The number of leaf nodes

nadmix

The number of admixture events

outpref

A prefix of output files

max_depth

A constraint specifying the maximum time depth of the admixture graph (in generations)

ind_per_pop

The number of individuals to simulate for each population. If a scalar value, it will be constant across all populations. Alternatively, it can be a named vector with a different value for each population.

mutation_rate

Mutation rate per site per generation. The default is 1.25e-8 per base pair per generation.

admix_weights

Admixture weights. If a float value (0 < value < 1), admixture weights for each admixture event will be (value, 1-value). Alternatively, it can be a range, i.e., c(0.1, 0.4) specifying lower and upper limits of a uniform distribution from which the admixture weight value will be drawn. By default, all admixture edges have a weight of 0.5.

neff

Effective population size (in diploid individuals). If a scalar value, it will be constant across all populations. Alternatively, it can be a range, i.e., c(500, 1000) specifying lower and upper limits of an uniform distribution from which values will be drawn

time

Time between nodes. Either a scalar value (1000 by default) with the dates generated by pseudo_dates, or a range, i.e., c(500, 1000) specifying lower and upper limits of a uniform distribution from which values will be drawn (see random_dates)

fix_leaf

A boolean specifying if the dates of the leaf nodes will be fixed at time 0. If TRUE, all samples will be drawn at the end of the simulation (i.e., from “today”).

outpop

A name of the (optional) outgroup population.

nchr

The number of chromosomes to simulate

recomb_rate

A float value specifying recombination rate along the chromosomes. The default is 2e-8 per base pair per generation.

seq_length

The sequence length of the chromosomes. If it is a scalar value, the sequence length will be constant for all chromosomes. Alternatively, it can be a vector with a length equal to number of chromosomes (i.e., c(100,50) to simulate 2 chromosomes with the lengths of 100 and 50 base pairs).

ghost_lineages

A boolean value specifying whether ghost lineages will be allowed. If TRUE, admixture happens at the time points defined by the y-axis generated while plotting the graph by plot_graph If FALSE (default), admixture occurs at the time of the previous split event

run

If FALSE, the function will terminate after writing the msprime script. If TRUE, it will try and execute the function with the default python installation.
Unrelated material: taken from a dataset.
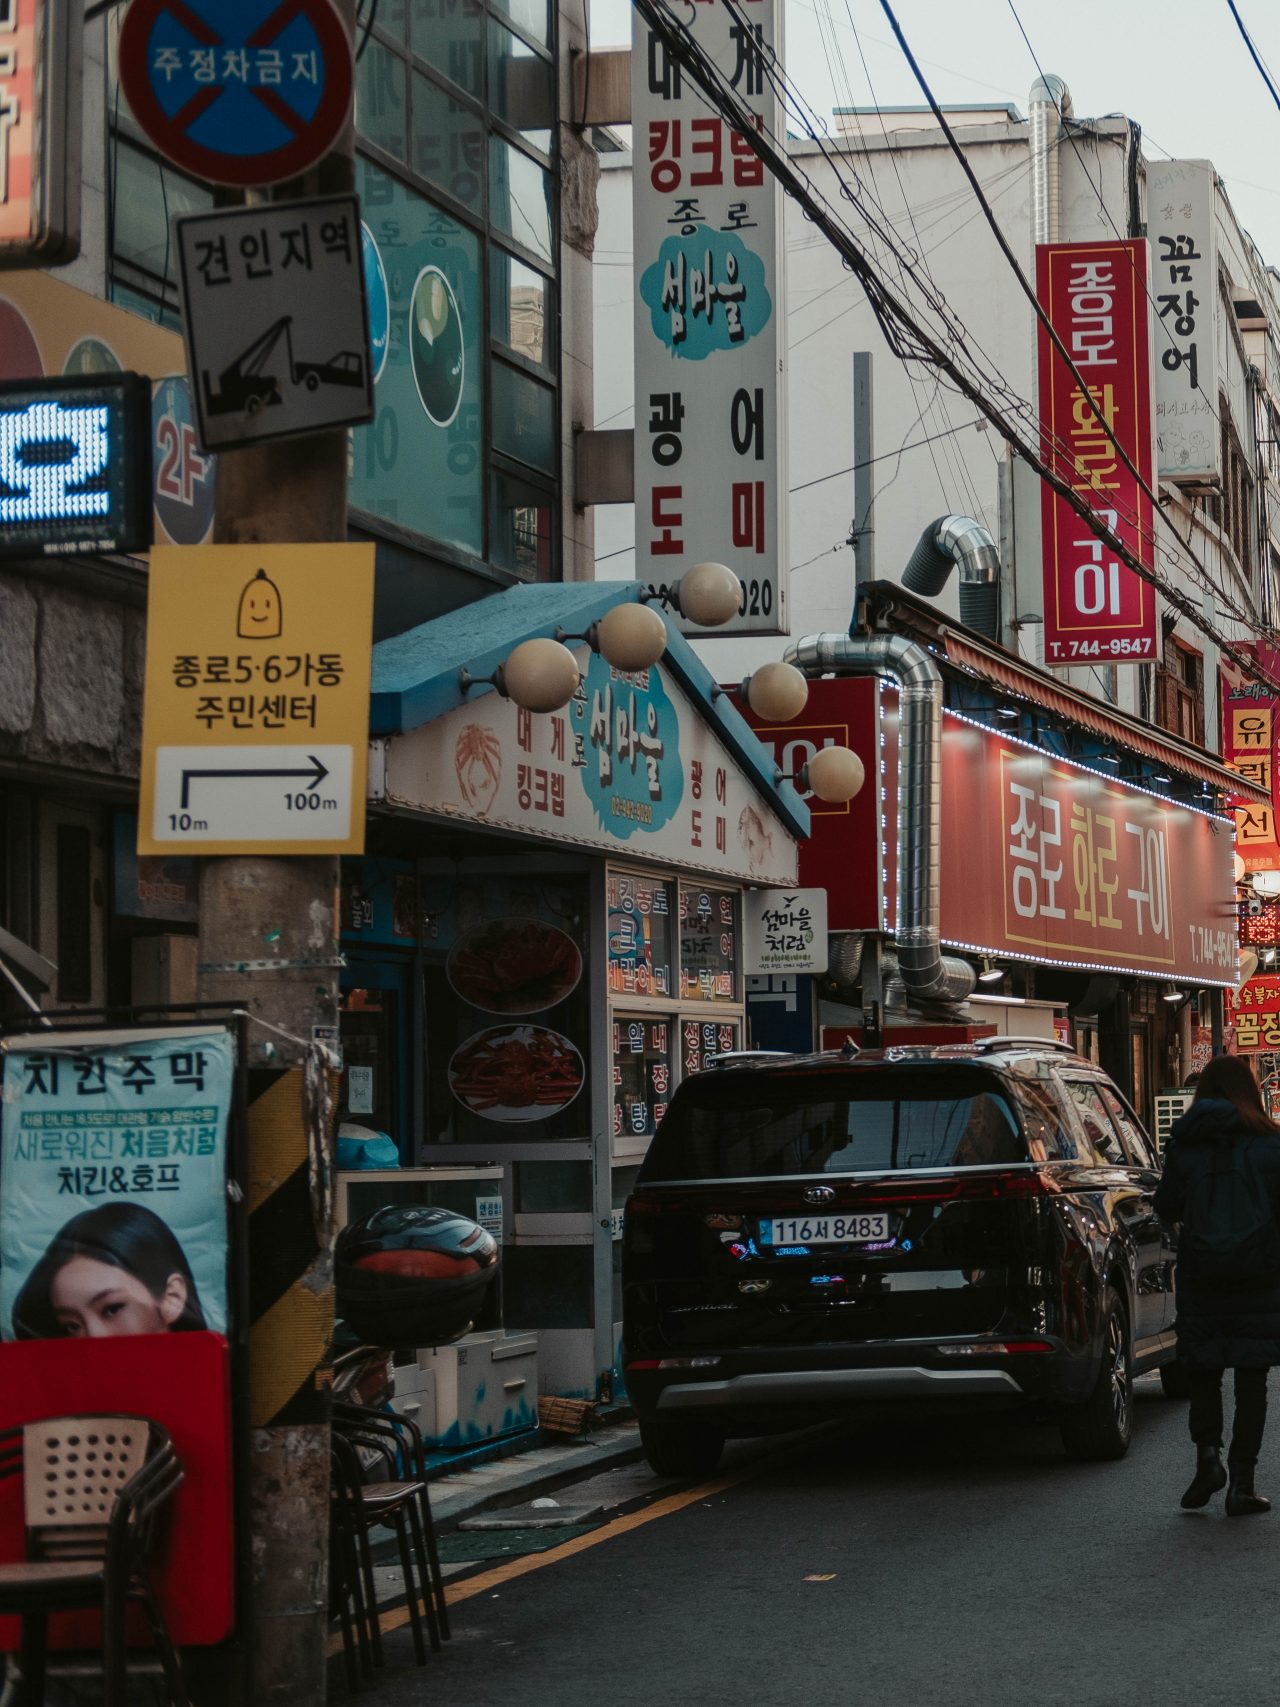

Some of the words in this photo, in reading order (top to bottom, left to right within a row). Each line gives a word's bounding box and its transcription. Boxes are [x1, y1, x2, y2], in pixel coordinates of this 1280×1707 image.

If you want to use some other python installation, you can set run = /my/python.

Value

A list with the path of simulation script, a data frame of graph edges, dates and population sizes:

  • out - A file name and path of the simulation script

  • edges - An edge dataframe with admixture weights

  • dates - A named vector with a date for each node

  • neffs - A named vector with an effective population size for each node

Examples

# Create simulation script that simulates 2 chromosomes that are 50base long
# where maximum depth of the tree is 5000 generations, and plot the output graph
if (FALSE) {
out = random_sim(nleaf=4, nadmix=0, max_depth=5000, nchr=2, seq_length=50)
plot_graph(out$edges, dates = out$dates, neff = out$neff, hide_weights = TRUE)
}